China’s PIPL came into force today, and to accompany this, the Cyberspace Administration of China (“CAC”, the key data regulator) has published for consultation draft guidelines to assist organisations grappling with overseas data transfers with some practical guidance on some of the compliance steps that must be taken.

Under the PIPL, certain organisations – or the overseas transfer of certain data categories – require the data controller to undertake a security impact assessment (“SIA”) in addition to the other overseas data transfer steps (notably consent, DPIA/PIIA and meeting one of four conditions for data transfer, one of which is using the new China SCCs and another is undertaking an SIA). The new draft guidelines set out the thresholds and procedures for undertaking an SIA.

Our high level comments on the draft guidelines, and their impact on organisations’ PIPL compliance programmes, are as follows:

  • This is just a draft for consultation at this point. The consultation period runs until 28 November.

  • The draft is in many ways similar to the 2017 and 2019 draft overseas transfer guidelines, which were the subject of intense lobbying. As such, we expect there will be significant lobbying – and a healthy response to the consultation process – and in turn (hopefully) further clarifications by way of a second draft before these are finalised.

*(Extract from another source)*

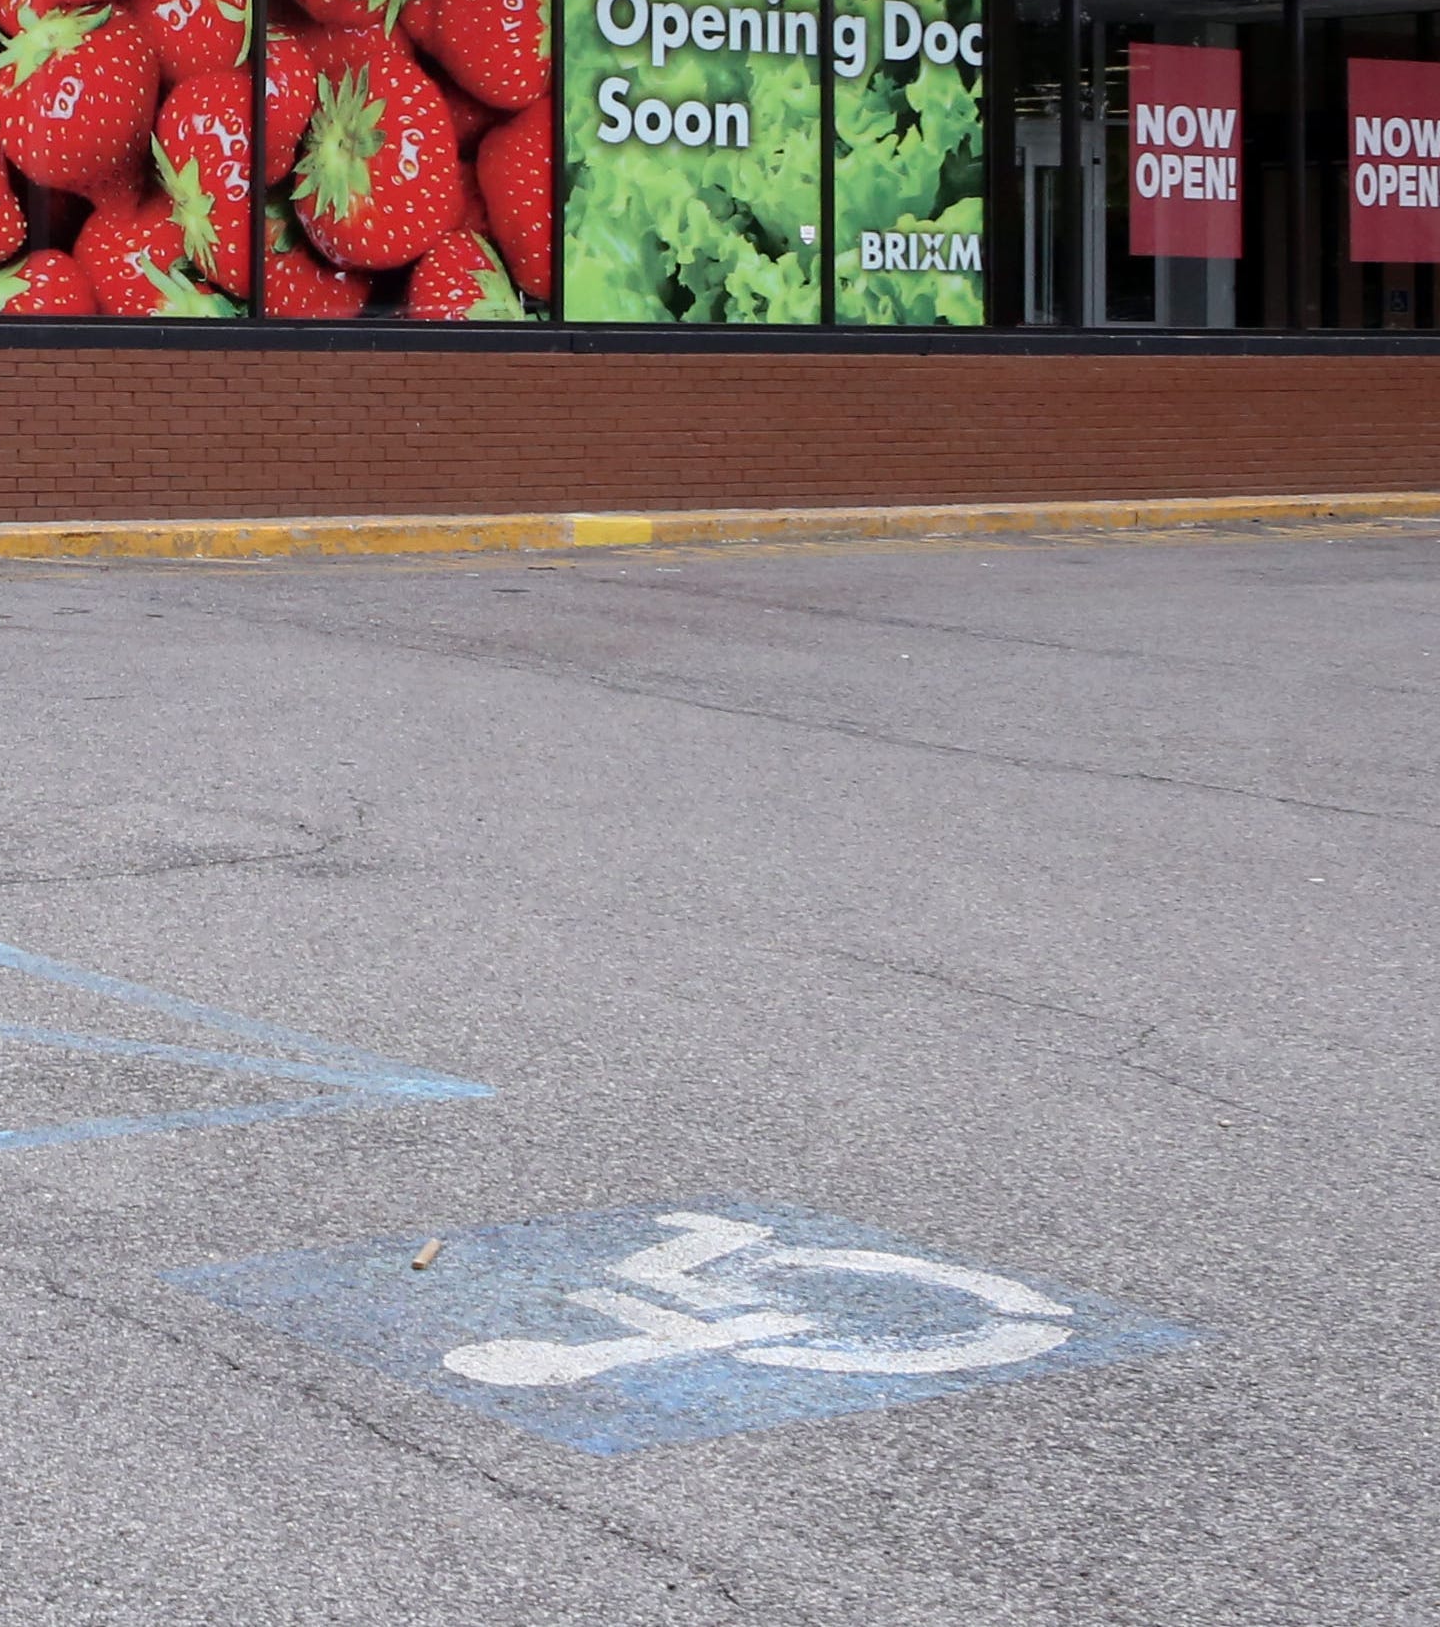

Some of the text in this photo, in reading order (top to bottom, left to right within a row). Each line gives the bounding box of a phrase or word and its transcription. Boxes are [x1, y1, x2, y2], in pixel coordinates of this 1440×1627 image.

[597, 77, 749, 147] Soon
[1136, 104, 1236, 149] NOW
[1136, 153, 1237, 201] OPEN!
[861, 231, 983, 271] BRIXM

  • The key point for businesses to note is that the draft guidelines set out the thresholds which trigger a mandatory SIA for overseas data transfers, namely:

    • the organisation is a critical information infrastructure operator (CIIO) collecting personal information and important data;
    • the transferred data includes important data;
    • the organisation is processing data of over 1 million data subjects and intends to transfer data overseas;
    • the accumulated overseas transfer amount of personal information exceeds 100,000 data subjects or sensitive personal information exceeds 10,000 data subjects; or
    • where otherwise required by the national CAC.

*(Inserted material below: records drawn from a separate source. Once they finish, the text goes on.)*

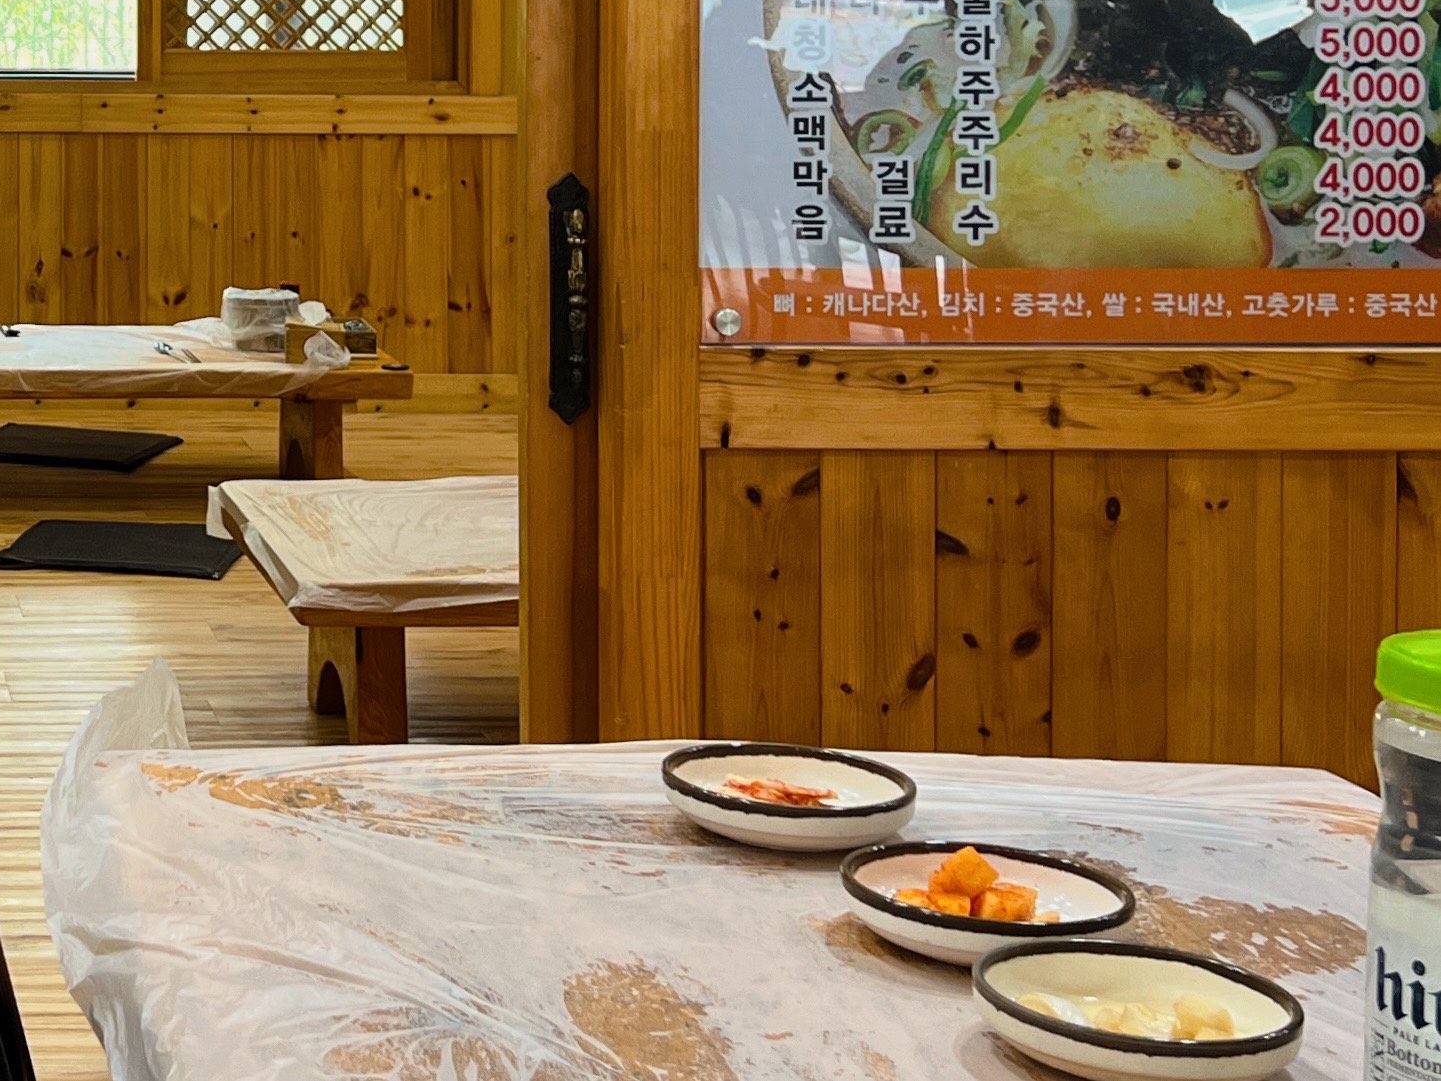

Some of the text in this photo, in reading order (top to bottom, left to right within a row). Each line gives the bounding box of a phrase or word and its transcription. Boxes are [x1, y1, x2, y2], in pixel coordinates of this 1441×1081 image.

[1320, 26, 1420, 61] 5,000
[1318, 72, 1420, 106] 4,000
[1318, 117, 1420, 151] 4,000
[1318, 162, 1420, 196] 4,000
[1318, 207, 1420, 242] 2,000
[823, 293, 928, 318] 캐나다산,
[942, 293, 985, 316] 김치
[1012, 293, 1092, 318] 중국산,
[1152, 293, 1232, 317] 국내산,
[1242, 293, 1339, 316] 고춧가루
[1364, 293, 1437, 317] 중국산
[1375, 945, 1441, 1036] hi
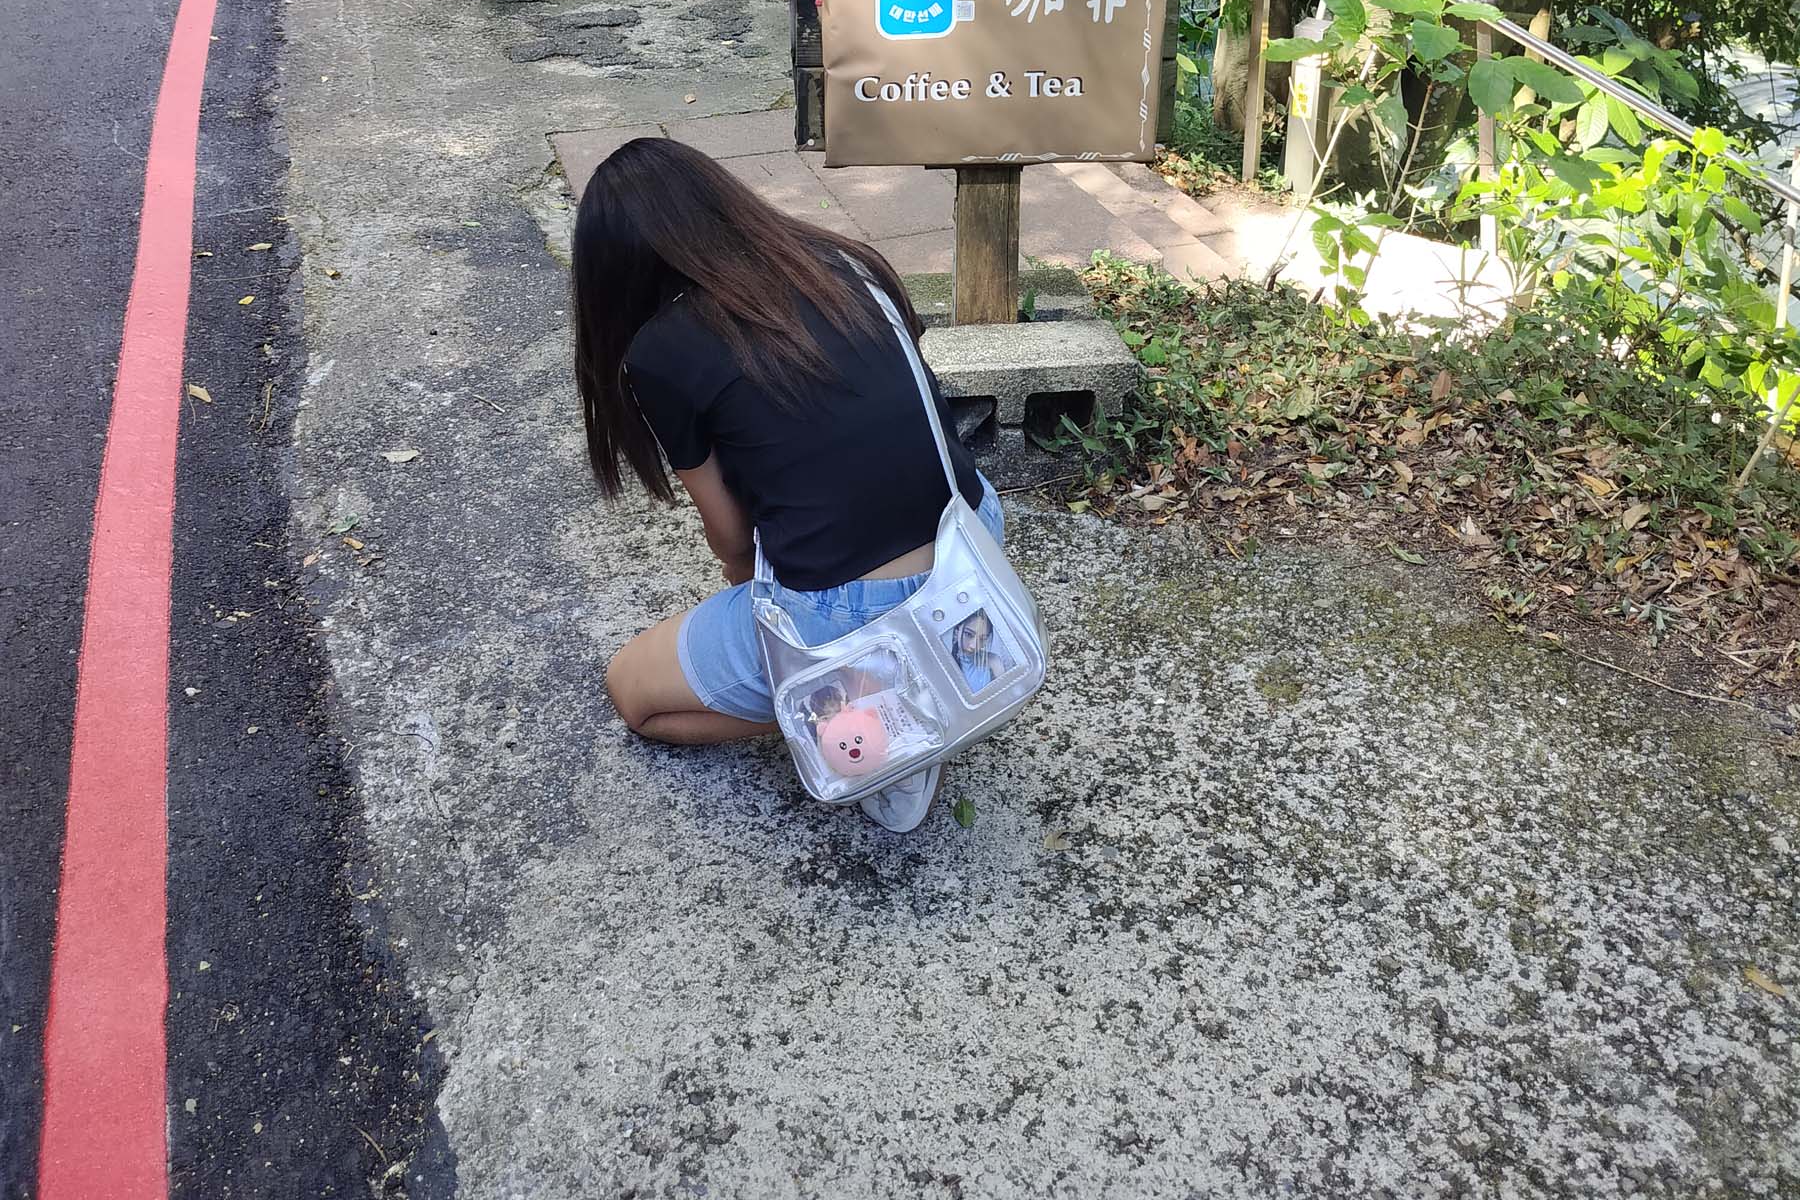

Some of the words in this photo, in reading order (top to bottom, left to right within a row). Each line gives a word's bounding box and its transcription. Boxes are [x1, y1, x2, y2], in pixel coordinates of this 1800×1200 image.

[854, 72, 972, 101] Coffee
[985, 71, 1014, 98] &
[1023, 70, 1085, 98] Tea

  • The SIA is initially a self-assessment, which will need to be lodged with, and approved by, the local CAC branches. The draft guidelines set out the scope and procedure, as well as timescales. One key point to note is that a copy of the data processing agreement (“DPA”) with the overseas data recipient will need to be submitted with the SIA application, meaning it will need to be bilingual.

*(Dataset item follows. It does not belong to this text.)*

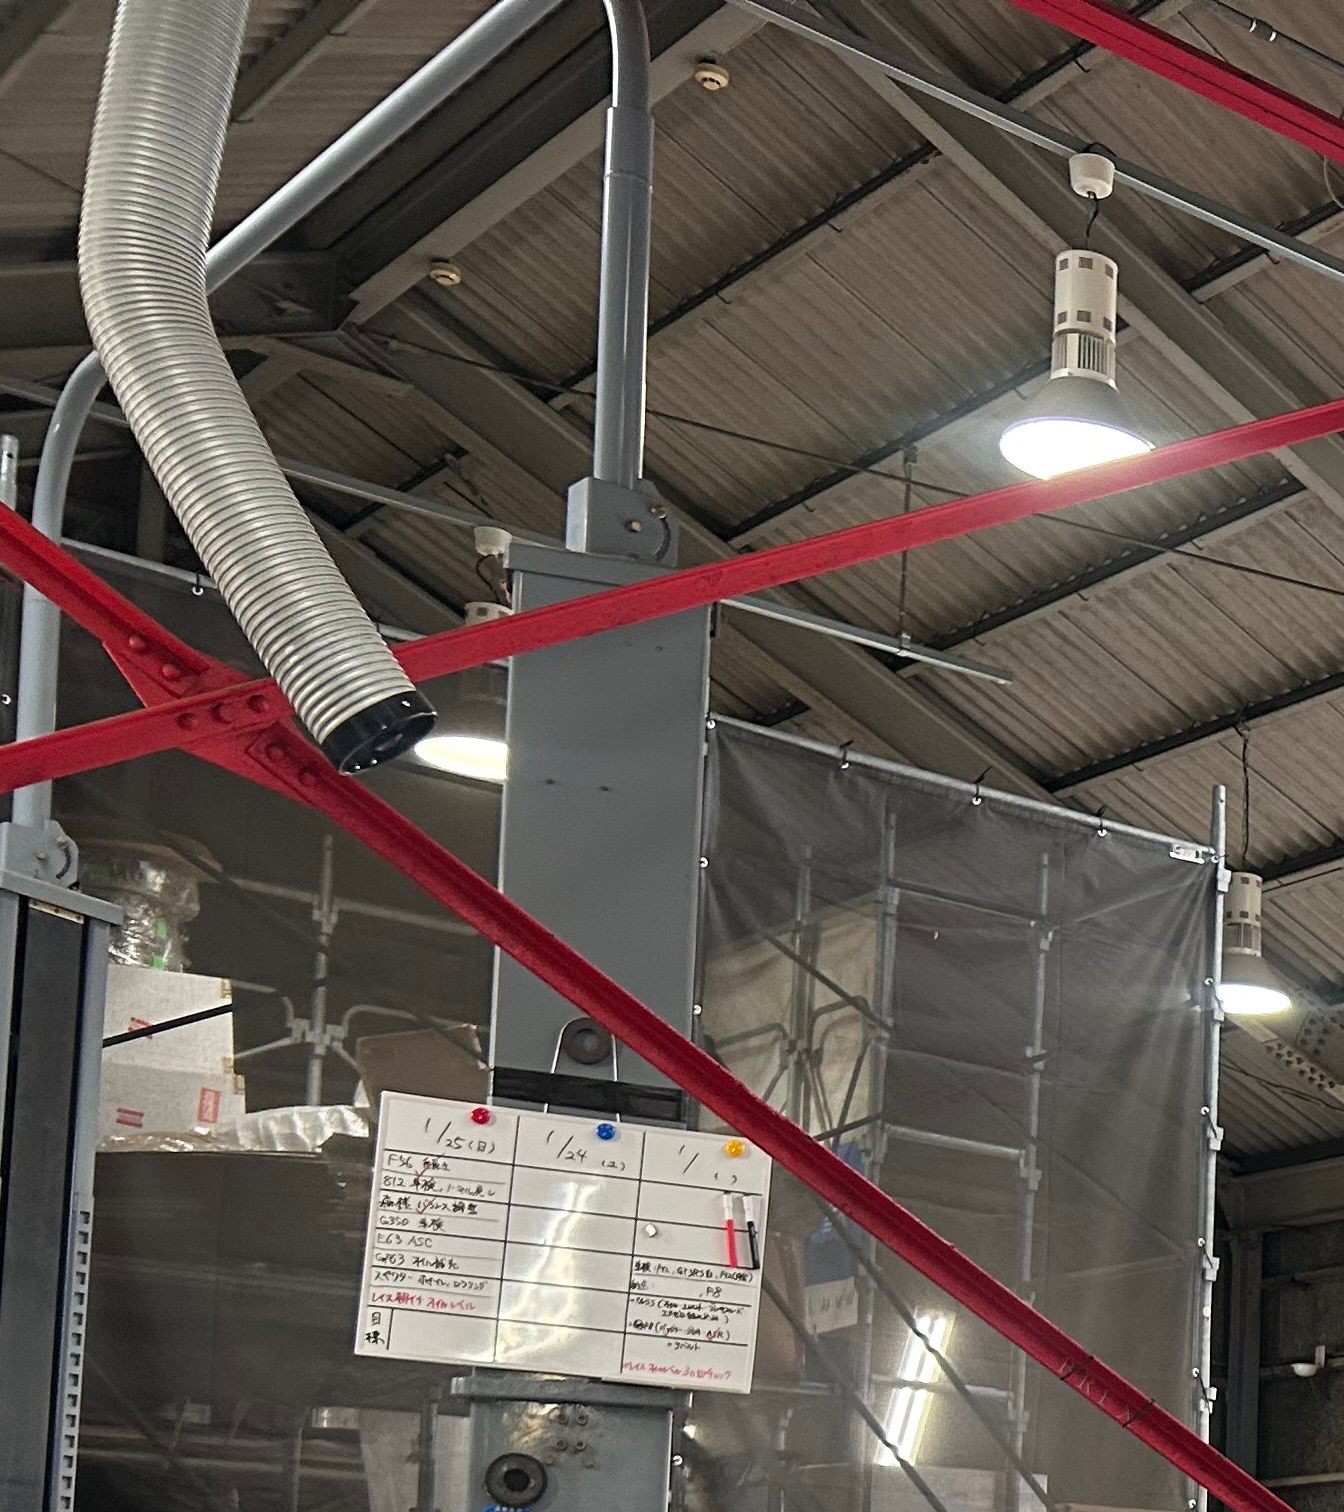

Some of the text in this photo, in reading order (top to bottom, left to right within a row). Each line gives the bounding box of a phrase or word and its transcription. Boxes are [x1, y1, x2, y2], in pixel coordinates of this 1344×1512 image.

  • Unfortunately the following is not clear in the draft:

    • whether it covers internal transfers;
    • whether it covers remote access from overseas;
    • whether in practice it only covers bulk transfers (or whether cumulative transfers are caught);
    • whether the SIA needs to be conducted on a per-transfer basis or per-data controller basis; and
    • whether submitting a copy of the relevant PIPL-compliant DPA with the overseas transferee is by itself sufficient, or whether that DPA also needs to include the new SCCs that were mentioned in the PIPL.

  • Further, the volume threshold seems low, meaning it can easily be reached by many organisations. (This was the subject of most of the lobbying last time).

  • The approval will need to be renewed every two years, or if the scope of the processing changes.